Appendix — Drop-in manifests (edit & apply)
A) Bare-bones vLLM Deployment
apiVersion: apps/v1
kind: Deployment
metadata:
name: vllm
labels: { app: vllm }
spec:
replicas: 1
strategy:
type: RollingUpdate
rollingUpdate: { maxUnavailable: 0, maxSurge: 1 }
selector:
matchLabels: { app: vllm }
template:
metadata:
labels: { app: vllm }
spec:
nodeSelector:
nvidia.com/gpu.present: "true"
containers:
- name: vllm
image: vllm/vllm-openai:latest
args:
- --model=meta-llama/Llama-3.1-8B-Instruct
- --dtype=auto
- --gpu-memory-utilization=0.90
- --max-model-len=8192
ports: [{ containerPort: 8000, name: http }]
resources:
limits: { "nvidia.com/gpu": 1, cpu: "4", memory: "16Gi" }
requests: { "nvidia.com/gpu": 1, cpu: "2", memory: "12Gi" }
readinessProbe:
httpGet: { path: /health, port: http }
periodSeconds: 5
initialDelaySeconds: 20
startupProbe:
httpGet: { path: /health, port: http }
periodSeconds: 5
failureThreshold: 60
---
apiVersion: v1
kind: Service
metadata: { name: vllm-svc }
spec:
selector: { app: vllm }
ports: [{ port: 8000, targetPort: http }]
type: ClusterIP
B) KEDA scale by Prometheus RPS
apiVersion: keda.sh/v1alpha1
kind: ScaledObject
metadata: { name: vllm-rps }
spec:
scaleTargetRef: { name: vllm }
pollingInterval: 5
cooldownPeriod: 60
minReplicaCount: 1
maxReplicaCount: 40
triggers:
- type: prometheus
metadata:
serverAddress: http://prometheus.monitoring:9090
metricName: http_requests_total
threshold: "8"
query: rate(http_requests_total{app="vllm"}[1m])
FAQ
Q1. Why vLLM over other servers?
Continuous batching + PagedAttention give great throughput while keeping tail latency sane. OpenAI-compatible API is icing on the cake.
Q2. Do I need MIG?
If you’re multi-tenant or want steady concurrency on A100/H100, MIG is your friend. Single-tenant, steady load? Optional.
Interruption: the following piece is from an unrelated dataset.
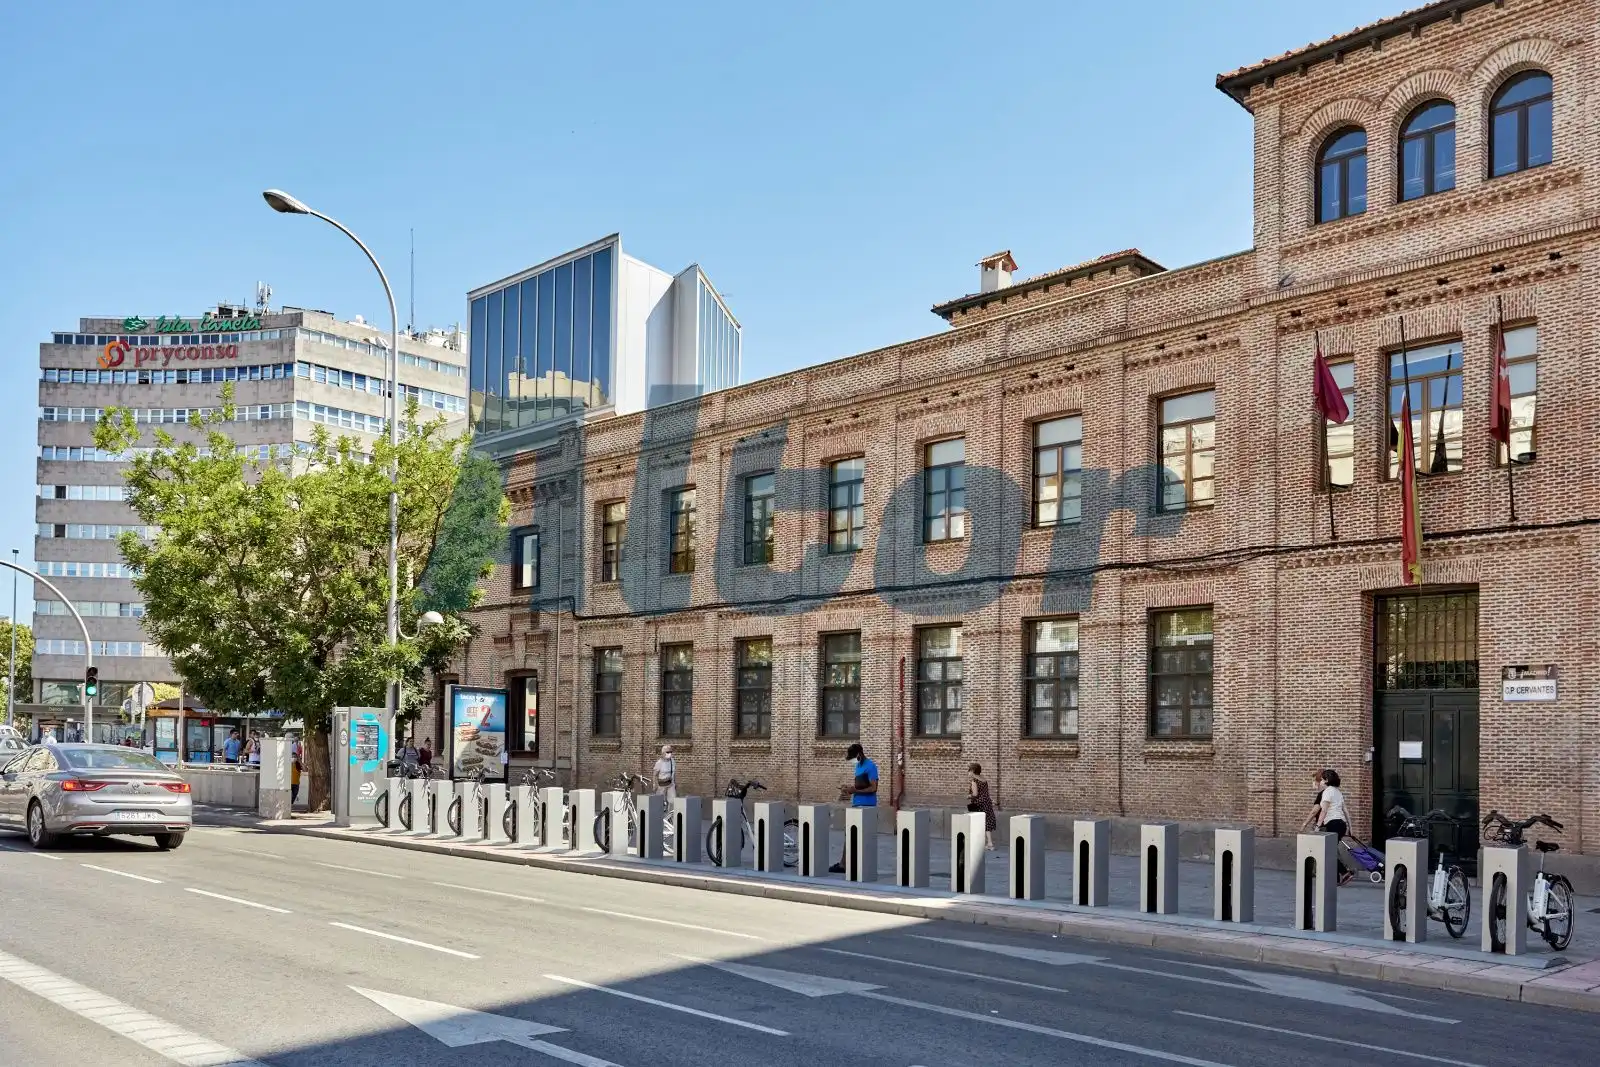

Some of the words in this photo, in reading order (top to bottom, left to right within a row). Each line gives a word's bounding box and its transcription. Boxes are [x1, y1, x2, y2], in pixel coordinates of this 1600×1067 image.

[198, 313, 262, 332] Canela
[134, 344, 239, 367] pryconsa
[1516, 685, 1555, 695] CERVANTES
Q3. What should I scale on—CPU or RPS?
RPS/queue time/tokens per second. CPU rarely tells the real story for GPU-bound inference.
Q4. How do I avoid cold starts?
Startup vs. readiness probes, pre-pull weights, keep a small warm pool during rollouts.
Q5. Any quick cost lever?
Batching and routing. Route short/long prompts separately; keep GPU util healthy without sacrificing P95.